According to the document, which outlines the stakes for reaching a legally binding consensus, the talks will take place during “a decisive year to achieve an international climate agreement”. French Ambassador to Cambodia Jean-Claude Poimboeuf opened the meeting by outlining expectations for COP 21, including a universal emissions agreement and reporting system, as well as an international enforcement mechanism.
Betty Thogersen, Cambodia representative for the Action of Churches Together (ACT), an alliance of Christian aid organisations and a co-sponsor of Friday’s policy brief, stressed “adaptation as a central part of the Paris agreement”, adding that “in our Cambodian context, it is our responsibility to reach out to the poor and vulnerable farming communities”.
A COP 21 outcome sought by Cambodia, and emphasised by Poimboeuf and Thogersen, is for wealthier countries to keep the promise made at COP 15 in 2009, for the allocation of $100 billion per year for climate-change mitigation and adaptation financing by 2020 for least-developed countries (LDCs) such as Cambodia.
However, the policy brief noted that, based on experts’ analysis of a draft of the agreement released in February, an acceptable version of the pact may require another one to three years of negotiations.
Prior to the Paris summit, each government is expected to publish an emissions target, which the Kingdom is set to do by October. Yet fewer than half of all countries have done so, and with those that have failing to set adequately stringent targets, the long-term goal of keeping average global temperatures below an increase of 1.5 degrees Celsius – a threshold recommended by scientists – is “almost impossible”, according to the brief.
It is on a local level, among a mostly agricultural-dependent population, that civil-society organisations say Cambodia’s vulnerability will be felt most acutely.
“Rights groups are concerned that those who will suffer most the effects of climate change policy be represented in Paris,” says Nop Polin, one of the Kingdom’s COP 21 delegates, who has been involved in efforts to steer government policy.
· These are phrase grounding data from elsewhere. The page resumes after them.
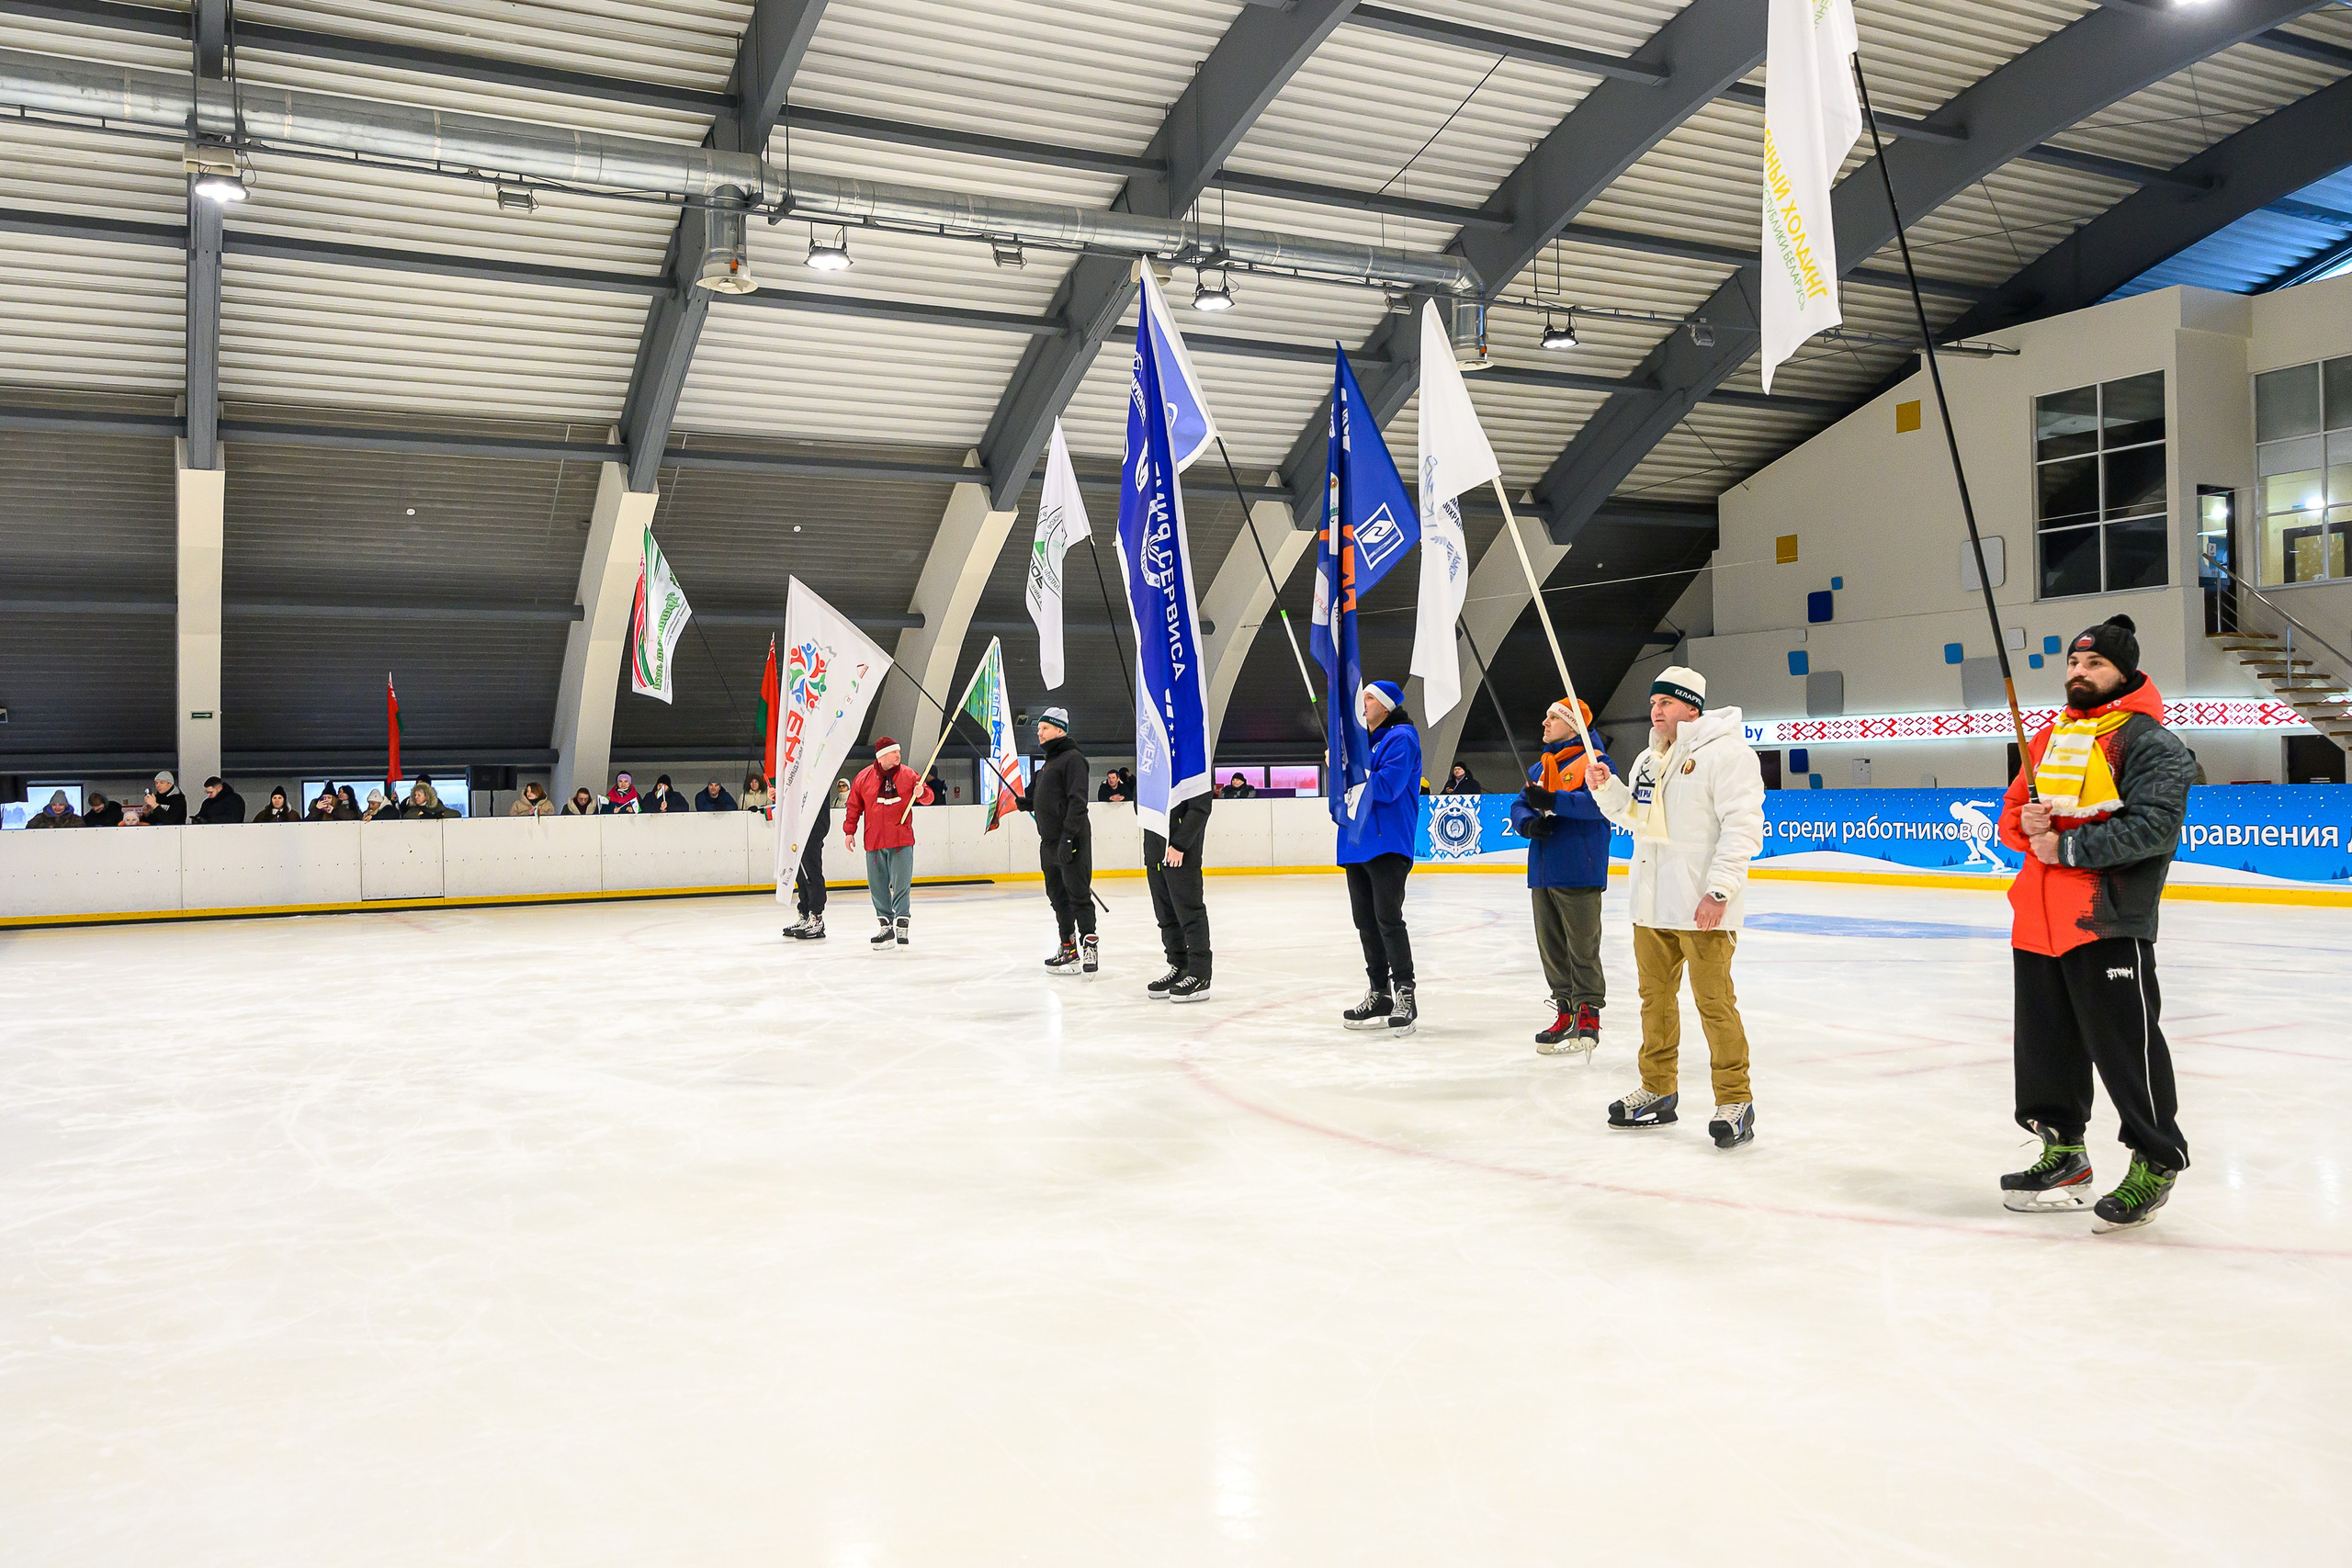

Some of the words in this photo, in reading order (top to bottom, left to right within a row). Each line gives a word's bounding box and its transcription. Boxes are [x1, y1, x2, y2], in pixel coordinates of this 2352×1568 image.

[1781, 198, 1828, 299] ХОЛДИНГ
[1782, 249, 1807, 312] БЕЛАРУСЬ
[1159, 548, 1186, 682] СЕРВИСА
[1745, 725, 1764, 741] by
[1501, 818, 1521, 837] 2
[1778, 820, 1837, 843] среди
[1842, 814, 1973, 844] работников
Polin says he and other groups are working to ensure that any national climate-change adaptation and mitigation efforts are formulated through “evidence-based policy” to reach those in greatest need.
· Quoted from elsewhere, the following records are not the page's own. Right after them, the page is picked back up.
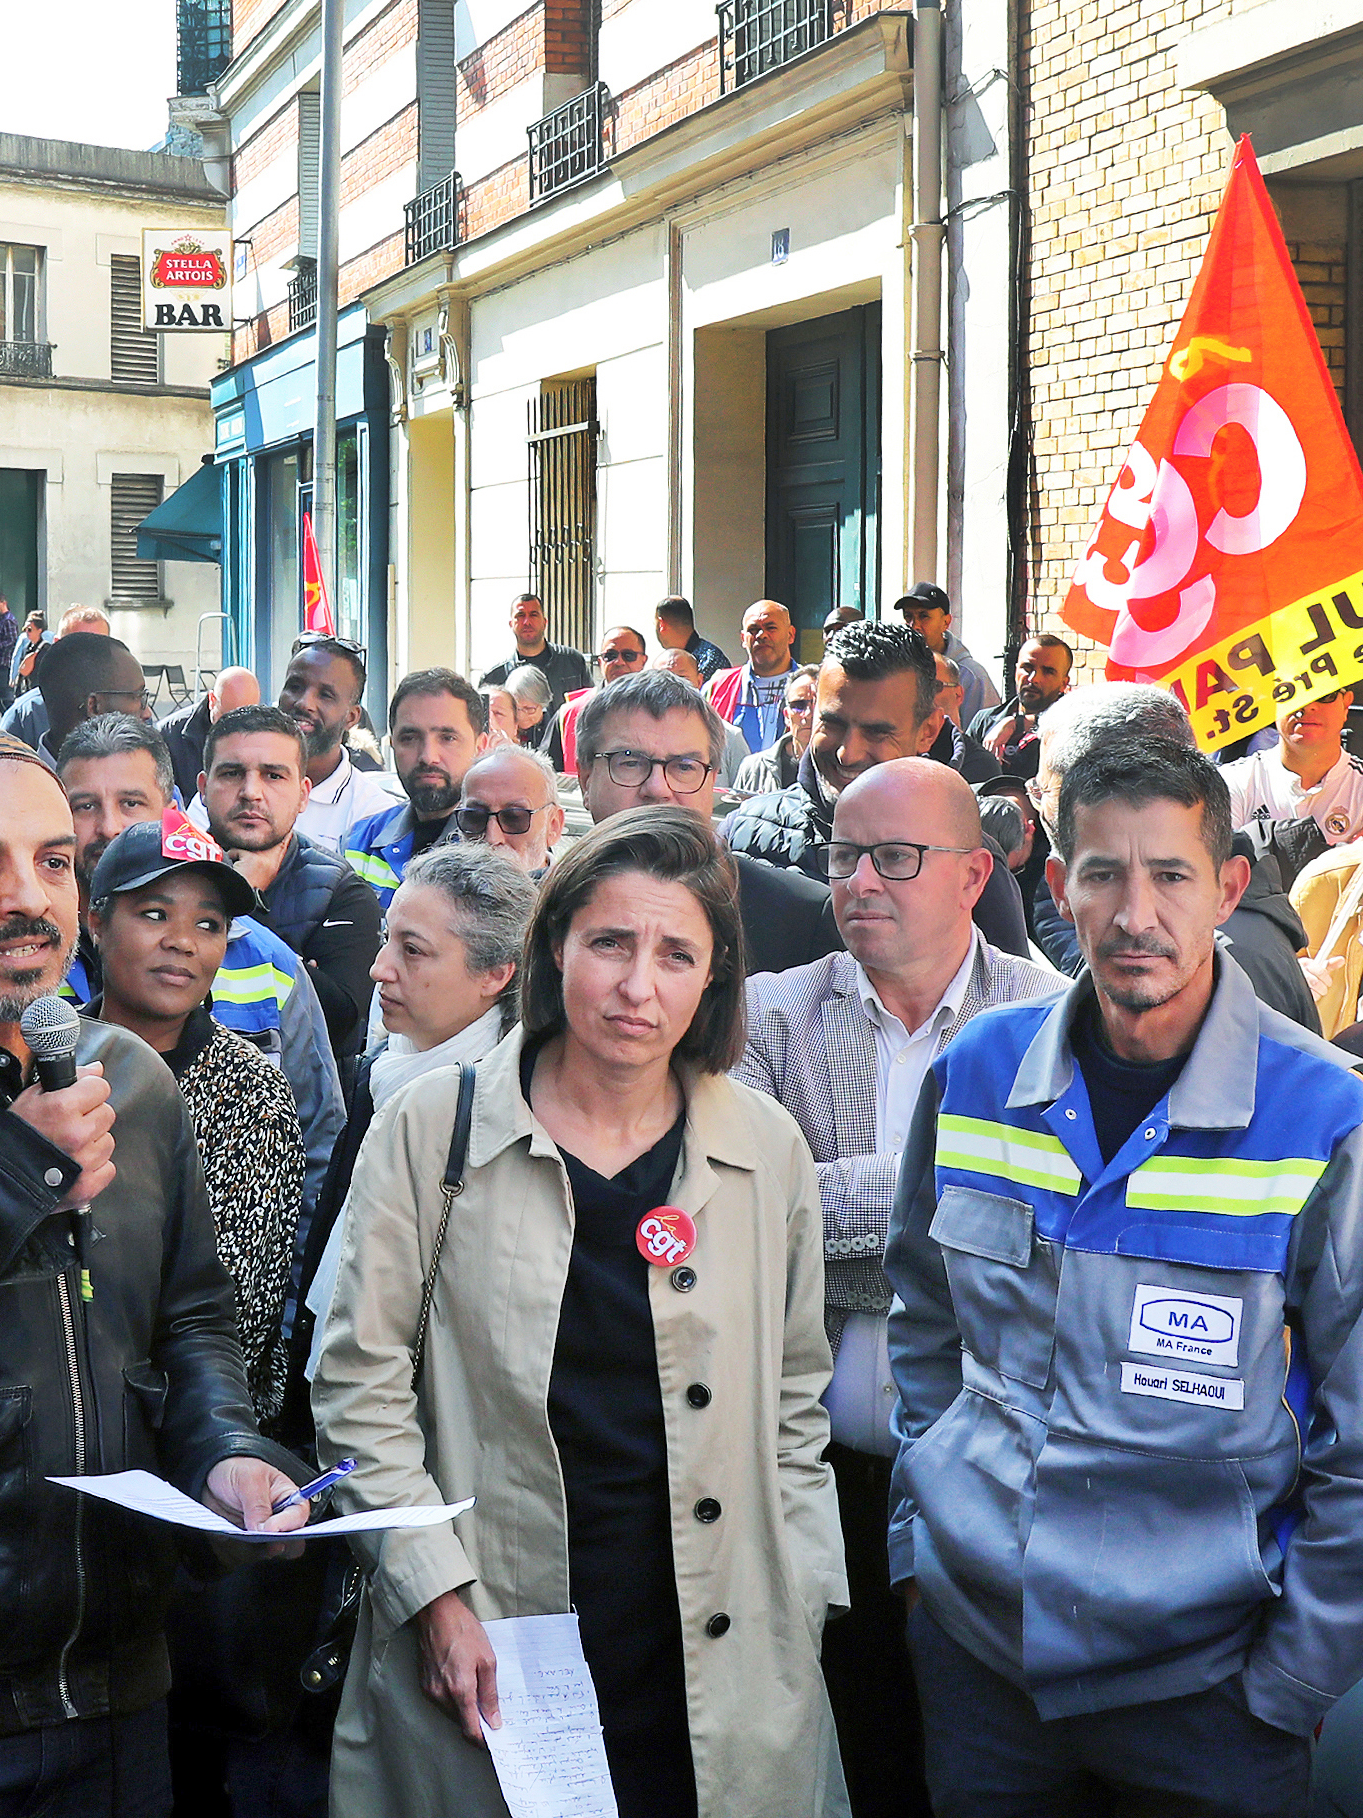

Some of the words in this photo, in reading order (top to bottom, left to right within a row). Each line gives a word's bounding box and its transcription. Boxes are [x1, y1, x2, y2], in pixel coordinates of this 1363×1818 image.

[166, 259, 213, 269] STELLA
[166, 271, 214, 281] ARTOIS
[154, 303, 224, 327] BAR
[640, 1218, 687, 1263] cgt
[1168, 1311, 1208, 1332] MA
[1156, 1338, 1173, 1349] MA
[1177, 1341, 1212, 1356] France
[1134, 1373, 1167, 1390] Houari
[1172, 1380, 1225, 1400] SELHAOUI
“We want to push the government to work not just on a national level, but also on a grassroots level, so that the voices of farmers can be integrated into a representative policy and heard internationally,” he said.
For organisations working with such communities, the outcome of Paris alone will not solve challenges such as worsening droughts and floods.
Yang Saing Koma, president of agricultural capacity building NGO CEDAC, says a solution “depends more on the government to allocate more budget to support farmers to cope with climate change” than on COP 21.